In 2019, then Senator (and now Vice President) Kamala Harris said:

It’s clear, in our country right now, almost half of American families are a $400 unexpected expense away from complete upheaval. Four hundred dollars. That could be the car breaks down. That could be a hospital bill you didn’t see coming.

PolitiFact generously rated Harris’ claim as “half true.” My AEI colleague Michael Strain more persuasively broke down the reasons why claims like Harris’—which have been repeated by other politicians—are simply false.
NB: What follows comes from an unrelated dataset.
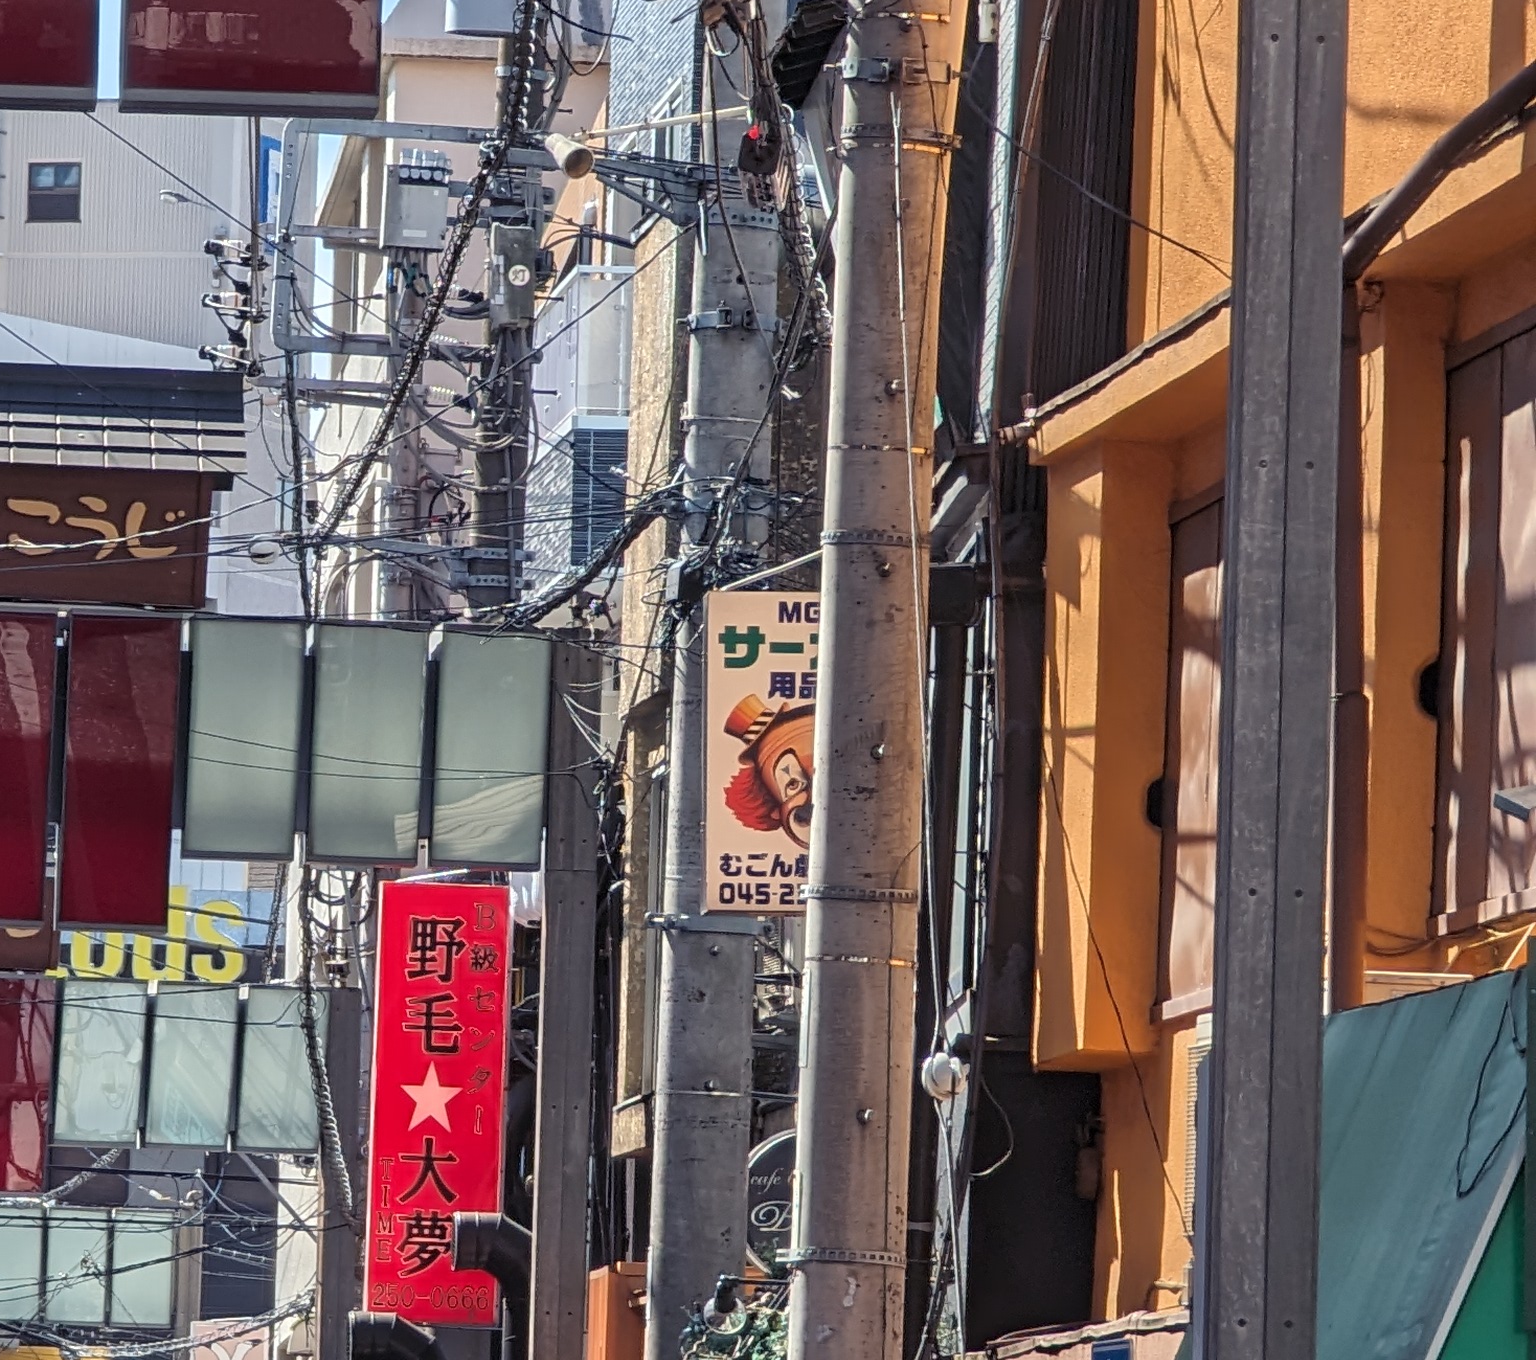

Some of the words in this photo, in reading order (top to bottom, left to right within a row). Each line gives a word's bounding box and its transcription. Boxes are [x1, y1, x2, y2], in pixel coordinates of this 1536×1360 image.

But whether half true or flat out wrong, it’s hard not to be reminded of such claims on learning that the average US household is now paying $450 more per month for the same goods as last year due to today’s 40-year-high inflation. What’s more, that unexpected expense is far from an isolated event, like a car repair or hospital bill. Instead, Americans are now being forced to pay this added expense every month. For many, that is causing painful tradeoffs between filling their tank, buying groceries, or covering rent, utilities, and other expenses.

For millions of lower-income families, the pain is especially acute. Last month the Federal Reserve released its latest annual report on the “Economic Well-Being of U.S. Households in 2021,” which provides background on Americans’ ability to withstand a $400 unexpected expense. The report includes the following chart, which displays adults who in 2021 would have had difficulty managing a $400 emergency expense by income and race/ethnicity:

Source: Board of Governors of the Federal Reserve System.

Among adults with incomes under $50,000, an
unexpected $400 expense would have resulted in an additional 20 percent of
Black adults and 21 percent of Hispanic adults not being able to fully pay
their current month’s bills last year. Accounting for those who already could
not pay their current month’s bills, such unexpected expenses would push the overall
share of lower-income Black and Hispanic adults who were unable to pay their
current month’s bills to 53 percent and 48 percent, respectively.

The report notes that Americans’ ability to withstand a $400 unexpected expense improved overall in 2021, including due to “the additional COVID-19 relief measures enacted in 2021.” But with generous pandemic unemployment benefits and expanded monthly child tax credit payments expiring at the end of last year, and inflation soaring above wage gains, those figures are likely worse today.

Back in 2019, in response to a query from PolitiFact, the Harris campaign defended Senator Harris’ claims about the “complete upheaval” caused by a $400 unexpected expense this way:

Millions of hard-working Americans can’t cover an unexpected $400 expense. They are a medical bill, a car repair, or a rent increase away from having to make painful choices like turning to a neighbor hat in hand to ask for a loan, putting themselves in spiraling credit card debt, selling their car, or heading to a pawn shop with their wedding ring. To presume any of these things would not upend someone’s daily life is out of touch.

One wonders whether Vice President Harris regrets those remarks now that the average US household is paying $450 more per month for everything they buy. Because if her 2019 claims about $400 unexpected expenses are to be believed, then today’s greater inflation-driven unexpected expenses must be causing even more “complete upheaval” for millions of hardworking Americans every month—including a disproportionate share of lower-income and minority adults.